Once safely checked into the hotel, I gave my friend John a text while he was at Tokyo Sky Tree, letting him know I was in, since he was in the same hotel. I told him to either knock on the door or text me, as I was going to take a short nap. Well, that “short nap” ended up being about 4 hours, as no knock on the door was going to wake me! I basically slept through dinner time, and finally woke up about 9:30. I did get hold of John, and we decided to wander out into the neighborhood that we knew, went down the street to the Eitai Bridge, where I got some shots of the Sky Tree lit up at night. That tower is the tallest free-standing tower in the world, and it definitely looks it, even 15 kilometers away! I think my pictures came out all right, for the most part.
After taking more pictures around the bridge, I felt like going back to the hotel, to finish sleeping. I stopped at a convenience store (called a “combini” in Japanese borrowed-word-ish) and picked up a cup of yogurt and a bottle of my favorite milk tea, intending to eat it for late night snack. Biology took over, and I managed to drink the tea before zonking out yet again. Of course, I had to wake back up at 4:45 AM, unable to get back to sleep. So, naturally I updated Facebook, checked my email, took a shower, and finally ate my “midnight snack” for breakfast.

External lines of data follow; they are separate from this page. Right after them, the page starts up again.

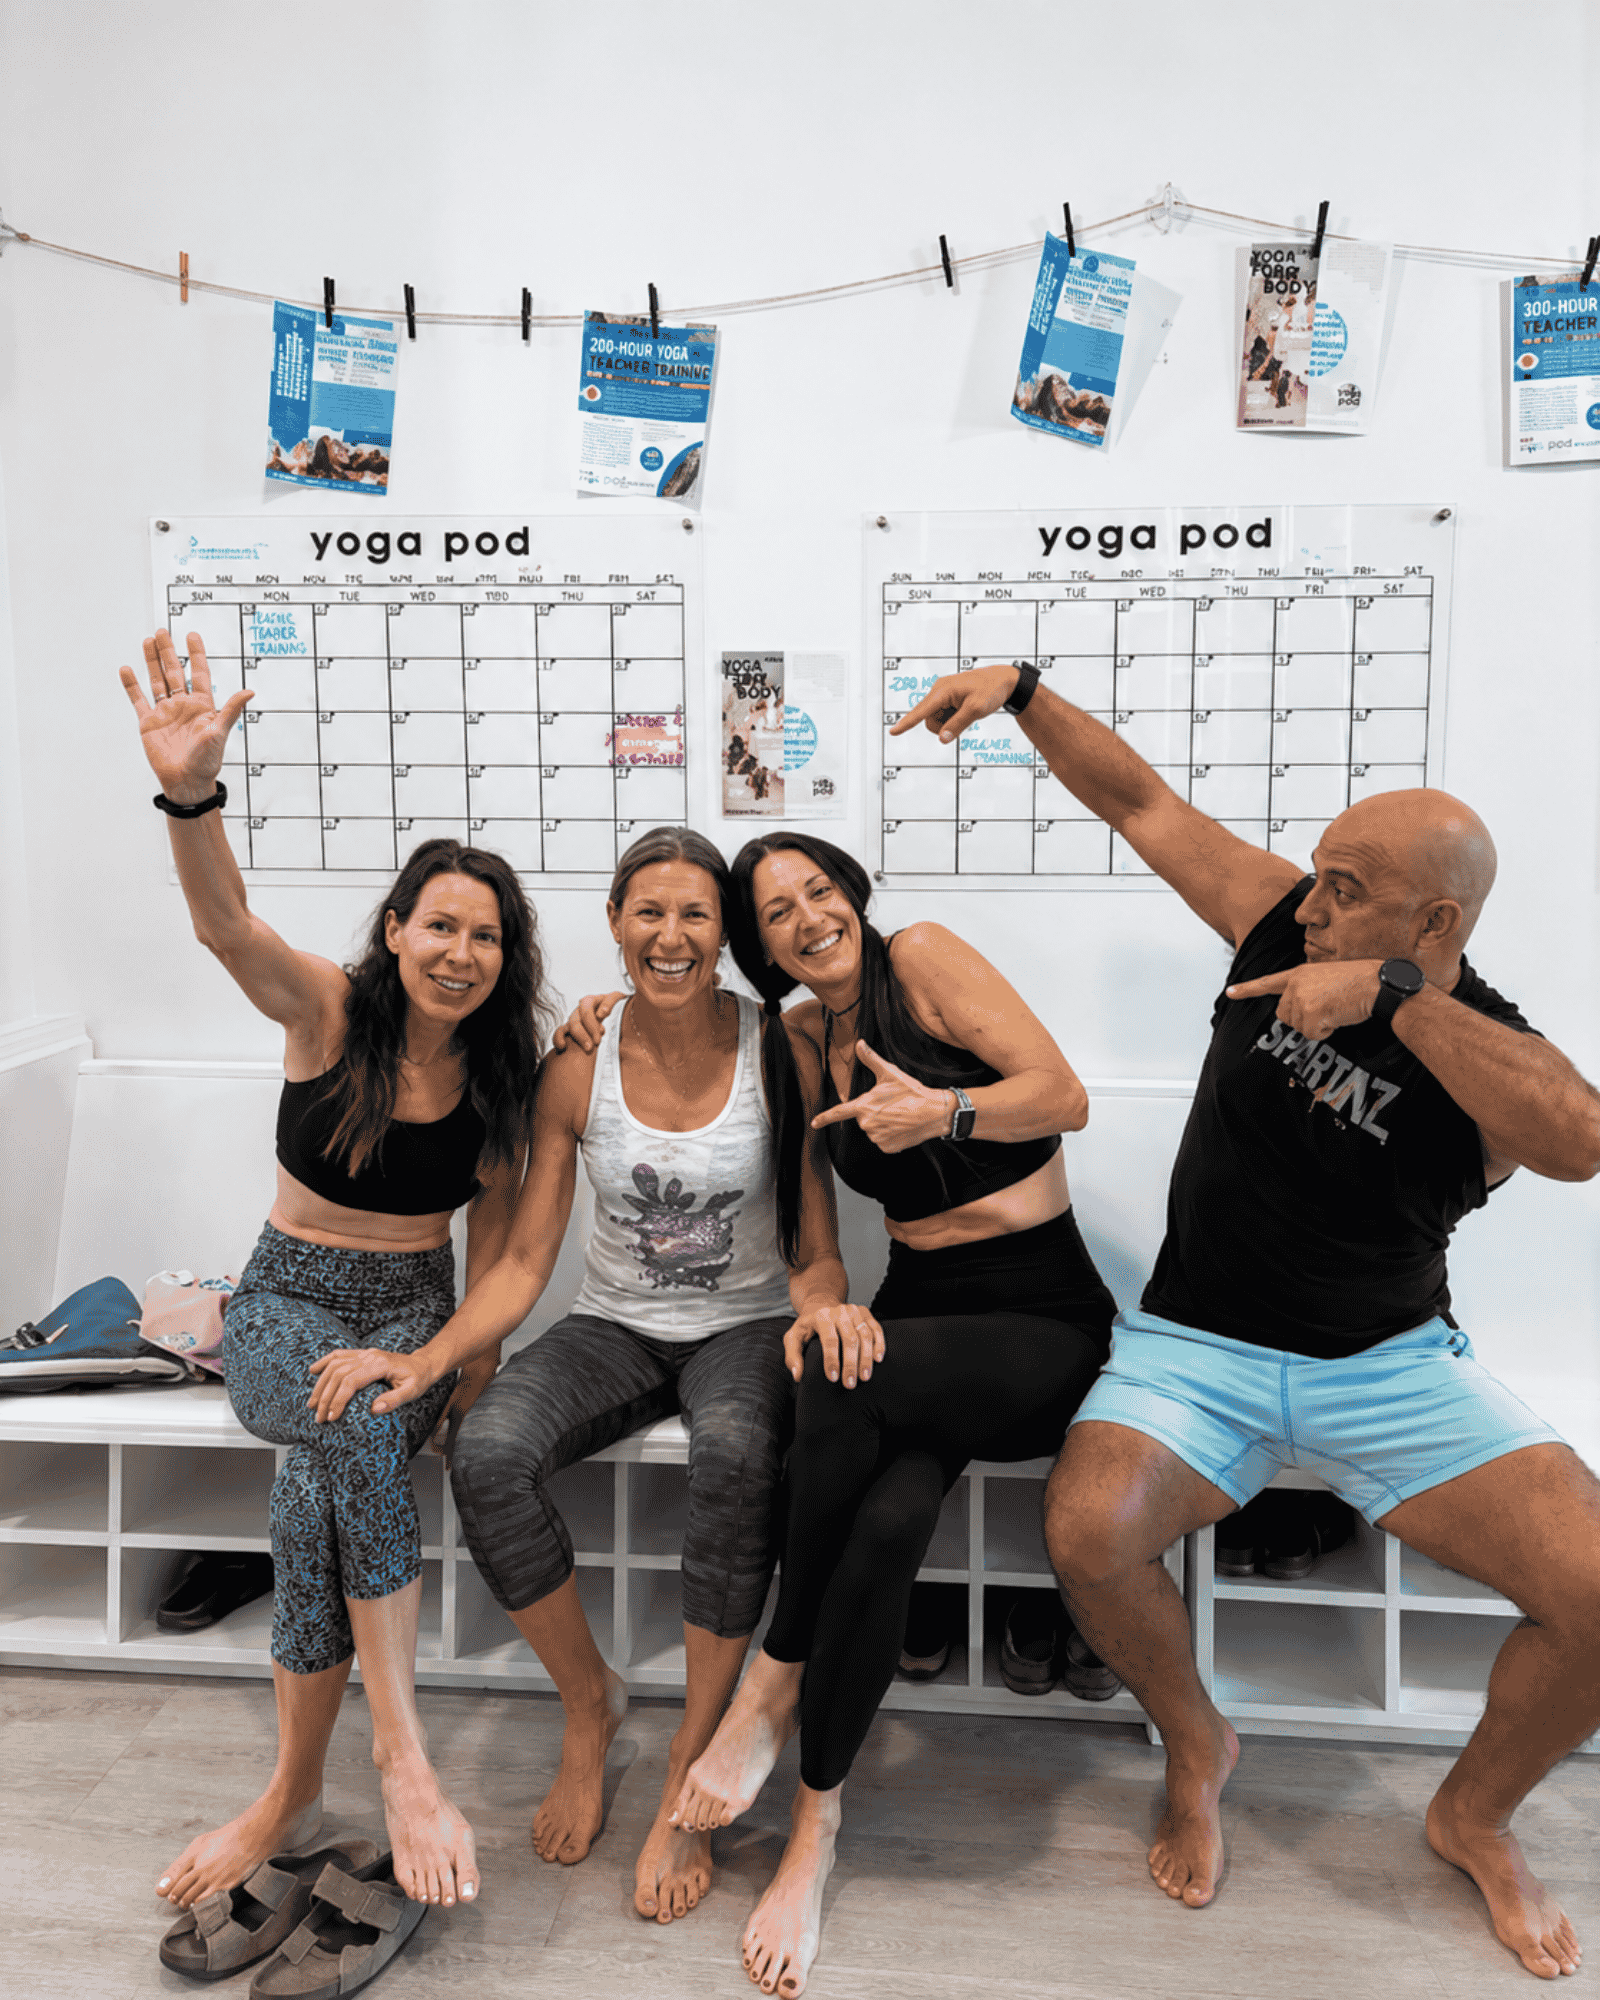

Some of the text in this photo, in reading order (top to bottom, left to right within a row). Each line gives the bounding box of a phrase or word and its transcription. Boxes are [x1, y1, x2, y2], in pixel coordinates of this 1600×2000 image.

[1264, 280, 1316, 294] BODY
[1523, 297, 1598, 317] 300-HOUR
[1523, 316, 1597, 333] TEACHER
[590, 338, 689, 360] 200-HOUR YOGA
[310, 531, 422, 565] yoga
[444, 526, 529, 562] pod
[1038, 517, 1272, 559] yoga pod
[191, 591, 213, 601] SUN
[263, 591, 290, 601] MON
[339, 591, 360, 601] TUE
[410, 591, 436, 602] WED
[561, 591, 584, 601] THU
[636, 591, 657, 601] SAT
[908, 589, 932, 599] SUN
[985, 588, 1012, 599] MON
[1065, 587, 1087, 598] TUE
[1139, 586, 1166, 597] WED
[1224, 585, 1249, 596] THU
[722, 659, 762, 675] YOGA
[735, 685, 781, 699] BODY

Hmm, I wasn’t going to count that day as “Day 1” since I spent about 14 hours of it on a plane, but I suppose I will, now that I wrote up so much about it. Okay, today, Monday, the day I went down to get my apartment key and pay the rent for the month, this will be “Day 2”, which I will write up about tomorrow, “Day 3”. And since I’m actually 12 hours ahead of everyone there, it will actually be “Day 2”!!